- Directed by: Susan Jacobson
- Screenplay by: James Dormer
- Produced by: Alex Boden; George Mizen; Terry Stone;
- Music by: James Edward Barker; Natalie Ann Holt;
- Release dates: 26 August 2011 (Film4 FrightFest); 9 September 2011 (United Kingdom);
- Running time: 89 minutes
- Country: United Kingdom
- Language: English

= The Holding (film) =

The Holding is a 2011 British thriller film directed by Susan Jacobson. It was filmed in 2010 the Peak District in Derbyshire just outside the village of Longnor, and stars Kierston Wareing, Vincent Regan and David Bradley. It is written by James Dormer and is produced by Alex Boden, George Mizen and Terry Stone.

== Plot ==

The film opens on the dead body of Dean (Christopher Brand) being dragged into a shallow grave in the dead of night by his wife, Cassie Naylor (Keirston Wareing) and the old farm hand Cooper (David Bradley). As they carry out a rudimentary and hurried burial, all the while, they are unknowingly being watched by Cassie's eight-year-old daughter, Amy (Maisie Lloyd).
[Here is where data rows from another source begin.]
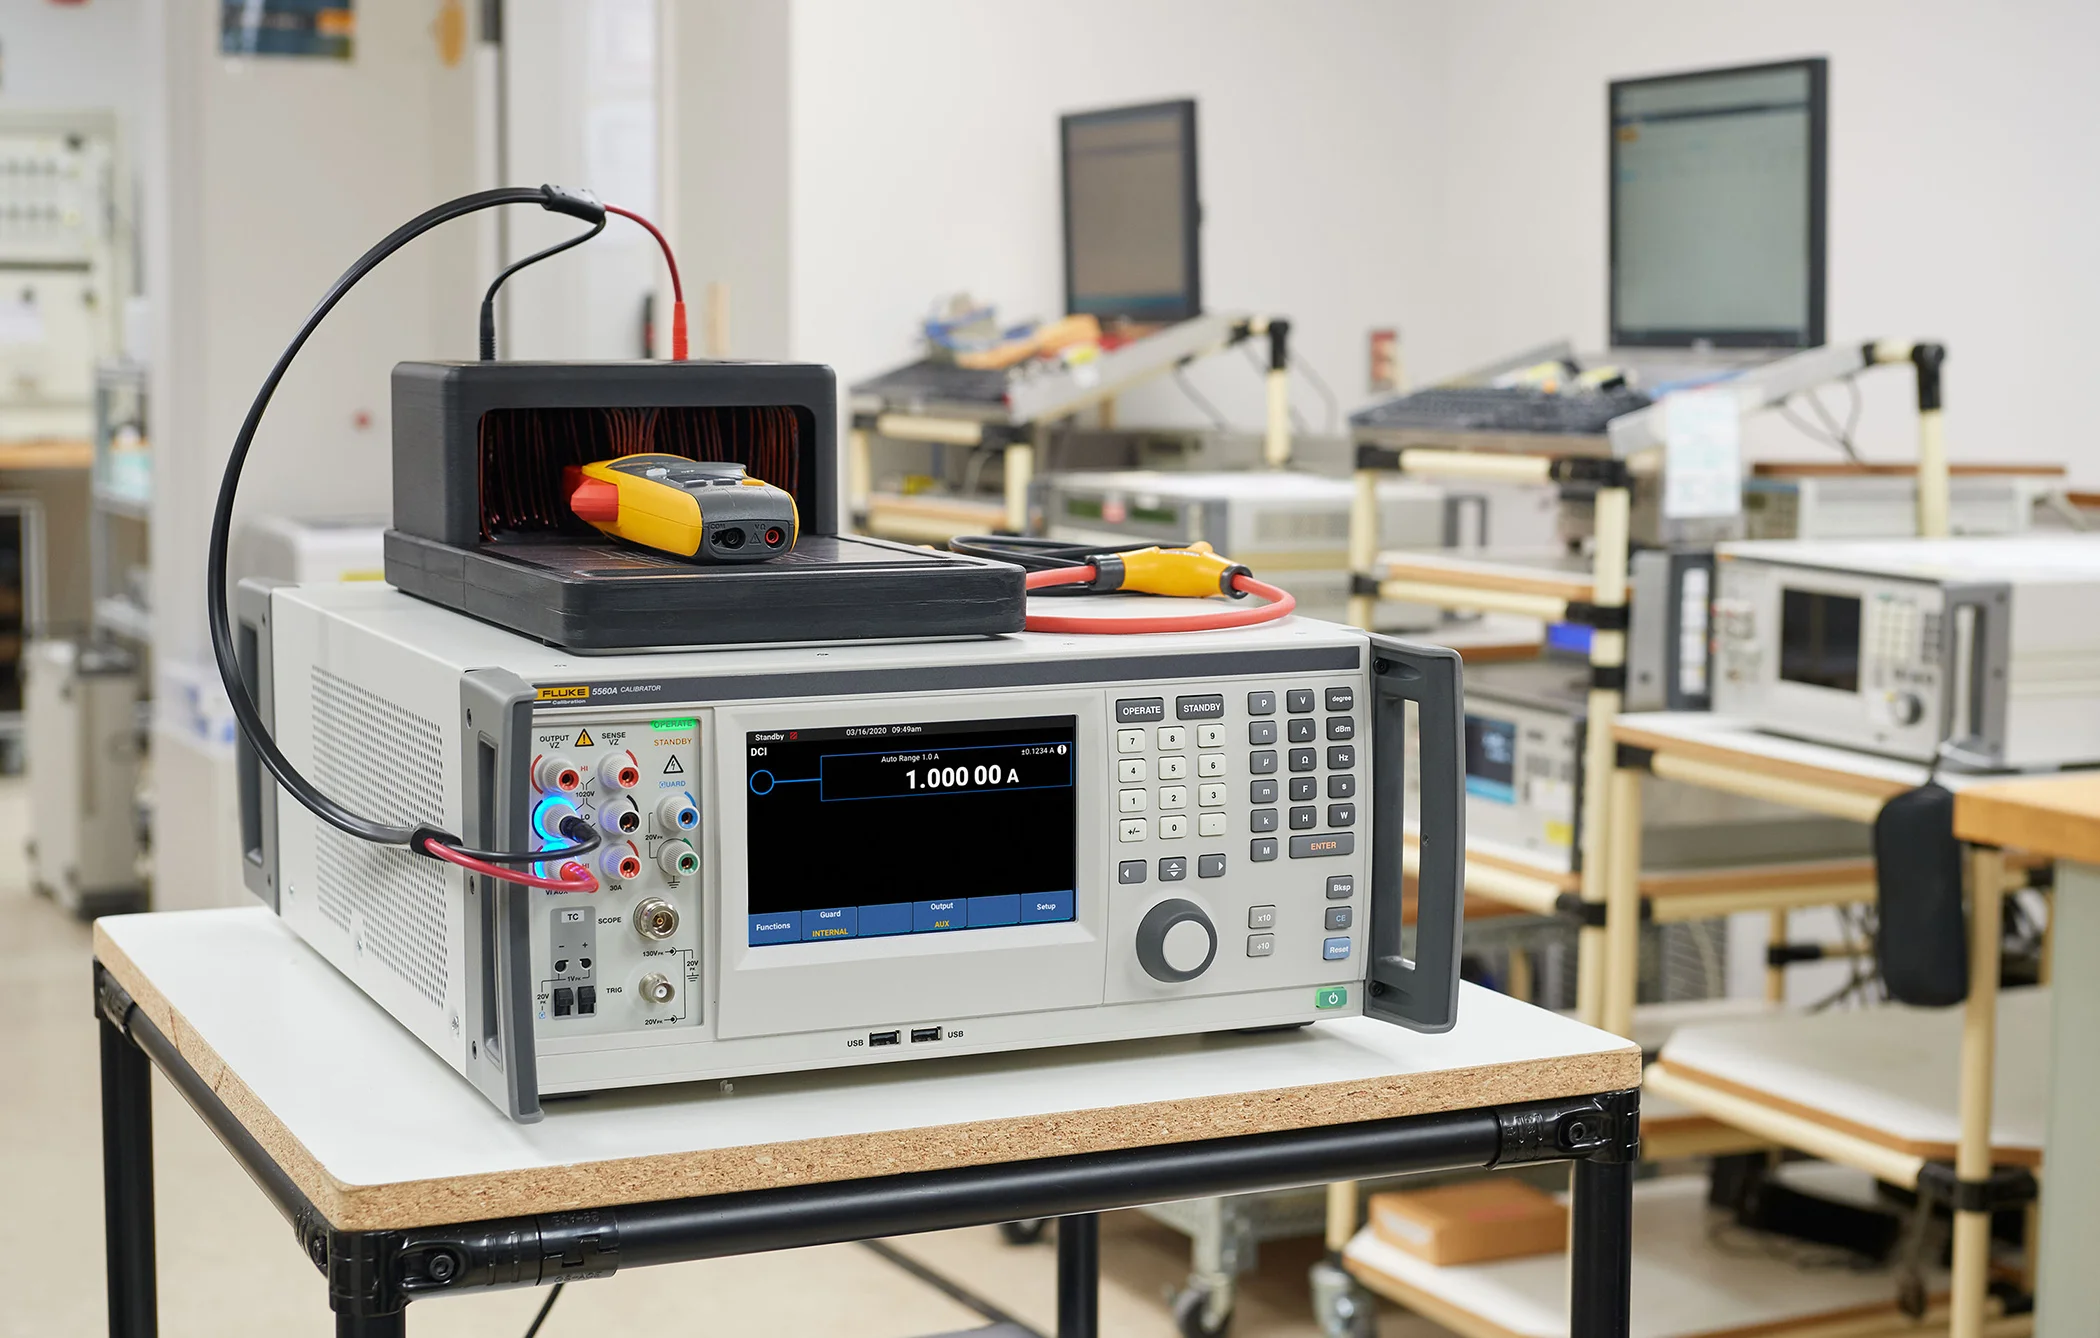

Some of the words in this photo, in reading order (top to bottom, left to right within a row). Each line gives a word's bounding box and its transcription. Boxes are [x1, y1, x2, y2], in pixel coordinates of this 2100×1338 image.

[542, 688, 586, 697] FLUKE
[592, 687, 618, 695] 5560A
[620, 685, 661, 693] CALIBRATOR
[1123, 705, 1161, 715] OPERATE
[1183, 703, 1221, 713] STANDBY
[654, 720, 693, 728] OPERATE
[846, 726, 887, 736] 03/16/2020
[892, 725, 922, 734] 09:49am
[1335, 725, 1351, 733] dBm
[755, 732, 784, 742] Standby
[1210, 732, 1215, 740] 9
[654, 738, 692, 746] STANDBY
[1130, 737, 1135, 745] 7
[751, 747, 767, 757] DCI
[1021, 747, 1048, 755] ±0.1234
[881, 755, 897, 763] Auto
[899, 754, 920, 763] Range
[1302, 756, 1308, 764] Ω
[1339, 754, 1348, 762] Hz
[1131, 767, 1136, 775] 4
[1171, 764, 1176, 772] 5
[906, 767, 969, 789] 1.000
[974, 765, 1001, 785] 00
[1007, 769, 1019, 783] A
[1132, 797, 1135, 805] 1
[1172, 794, 1176, 802] 2
[1264, 817, 1269, 825] k
[1172, 824, 1177, 832] 0
[1311, 841, 1336, 850] ENTER
[1263, 846, 1269, 854] M
[1334, 884, 1351, 892] Bksp
[930, 901, 953, 911] Output
[1037, 902, 1056, 912] Setup
[820, 910, 841, 919] Guard
[1336, 914, 1346, 922] CE
[756, 922, 791, 931] Functions
[935, 920, 950, 928] AUX
[812, 928, 848, 937] INTERNAL
[1330, 946, 1349, 954] Reset
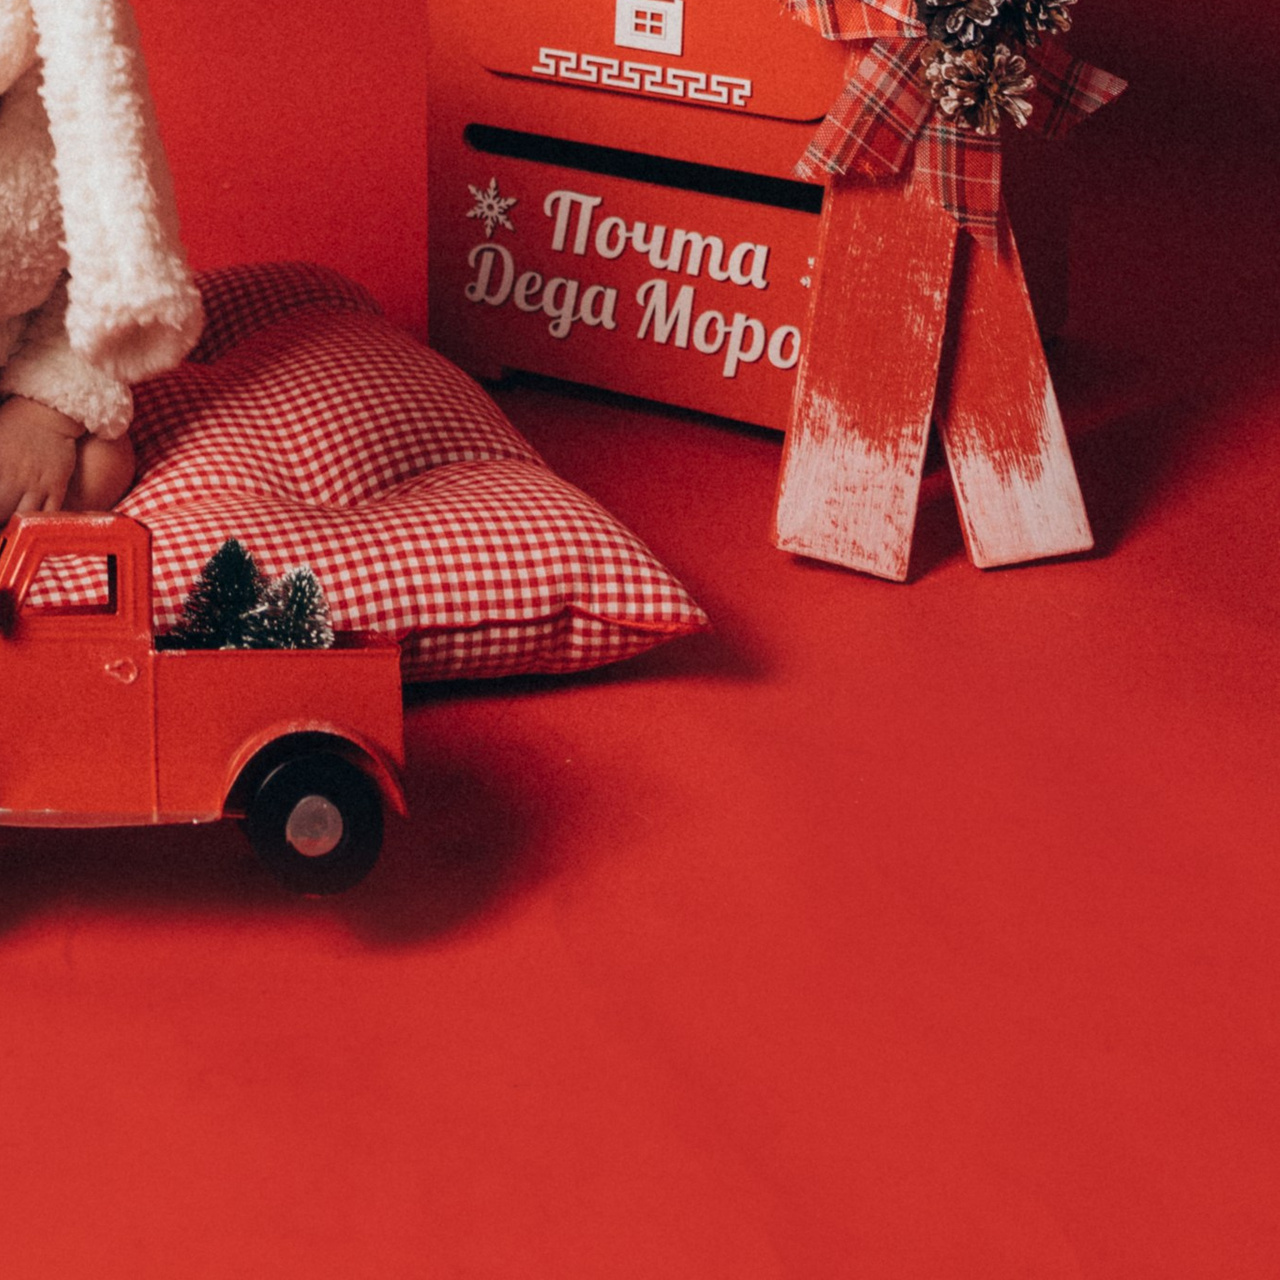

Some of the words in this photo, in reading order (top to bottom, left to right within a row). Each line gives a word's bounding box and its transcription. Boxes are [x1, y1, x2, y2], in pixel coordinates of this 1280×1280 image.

[542, 189, 769, 289] Почта
[464, 243, 617, 338] Деда
[635, 278, 801, 378] Моро
The story then jumps to eight months later. Cassie is struggling; her relationship with her two daughters, Amy and Hannah (Skye Lourie) is fractious. She is struggling to run her farm and her financial situation is so bad that she can no longer afford to pay Cooper. She is visited by a sinister neighboring farmer, Karsten (Terry Stone), who is eager to buy Cassie's farm and marry her, both of which Cassie declines.

Enter Aden (Vincent Regan), an old friend of Dean's who was passing. Quick to cover up her secret, Cassie tells Aden that Dean left. Aden asks if he can stay the night, and after some convincing from Amy, Cassie reluctantly concedes. The next day, Aden persuades Cassie that he can be of use to her on the farm and Cassie allows him to stay on, much to the displeasure of Cassie's 16-year-old daughter Hannah who immediately dislikes Aden, sussing out his intentions of getting "into my mum's knickers".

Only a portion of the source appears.